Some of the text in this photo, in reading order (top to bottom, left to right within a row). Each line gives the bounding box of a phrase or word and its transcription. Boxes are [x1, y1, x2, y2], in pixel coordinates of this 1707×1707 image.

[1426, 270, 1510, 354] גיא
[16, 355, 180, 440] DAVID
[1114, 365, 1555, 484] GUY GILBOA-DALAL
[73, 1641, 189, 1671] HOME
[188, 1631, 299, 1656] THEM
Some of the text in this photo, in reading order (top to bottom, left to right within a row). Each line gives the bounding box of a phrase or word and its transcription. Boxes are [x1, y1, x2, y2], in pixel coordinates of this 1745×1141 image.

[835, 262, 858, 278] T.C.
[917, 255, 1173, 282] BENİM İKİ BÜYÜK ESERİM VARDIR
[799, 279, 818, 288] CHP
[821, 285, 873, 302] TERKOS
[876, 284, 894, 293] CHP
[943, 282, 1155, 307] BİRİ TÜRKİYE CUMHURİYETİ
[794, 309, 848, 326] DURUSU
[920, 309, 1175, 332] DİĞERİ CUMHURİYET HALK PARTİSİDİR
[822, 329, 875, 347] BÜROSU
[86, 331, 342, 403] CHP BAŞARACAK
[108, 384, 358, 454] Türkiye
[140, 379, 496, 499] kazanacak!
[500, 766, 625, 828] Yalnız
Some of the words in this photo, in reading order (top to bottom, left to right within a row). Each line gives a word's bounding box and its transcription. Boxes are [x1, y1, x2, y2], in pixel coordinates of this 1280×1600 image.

----

What you are asked to do
Only an exact copy of the entries above will do.

Your response
Some of the text in this photo, in reading order (top to bottom, left to right within a row). Each line gives the bounding box of a phrase or word and its transcription. Boxes are [x1, y1, x2, y2], in pixel coordinates of this 1707×1707 image.

[1426, 270, 1510, 354] גיא
[16, 355, 180, 440] DAVID
[1114, 365, 1555, 484] GUY GILBOA-DALAL
[73, 1641, 189, 1671] HOME
[188, 1631, 299, 1656] THEM
Some of the text in this photo, in reading order (top to bottom, left to right within a row). Each line gives the bounding box of a phrase or word and its transcription. Boxes are [x1, y1, x2, y2], in pixel coordinates of this 1745×1141 image.

[835, 262, 858, 278] T.C.
[917, 255, 1173, 282] BENİM İKİ BÜYÜK ESERİM VARDIR
[799, 279, 818, 288] CHP
[821, 285, 873, 302] TERKOS
[876, 284, 894, 293] CHP
[943, 282, 1155, 307] BİRİ TÜRKİYE CUMHURİYETİ
[794, 309, 848, 326] DURUSU
[920, 309, 1175, 332] DİĞERİ CUMHURİYET HALK PARTİSİDİR
[822, 329, 875, 347] BÜROSU
[86, 331, 342, 403] CHP BAŞARACAK
[108, 384, 358, 454] Türkiye
[140, 379, 496, 499] kazanacak!
[500, 766, 625, 828] Yalnız
Some of the words in this photo, in reading order (top to bottom, left to right within a row). Each line gives a word's bounding box and its transcription. Boxes are [x1, y1, x2, y2], in pixel coordinates of this 1280×1600 image.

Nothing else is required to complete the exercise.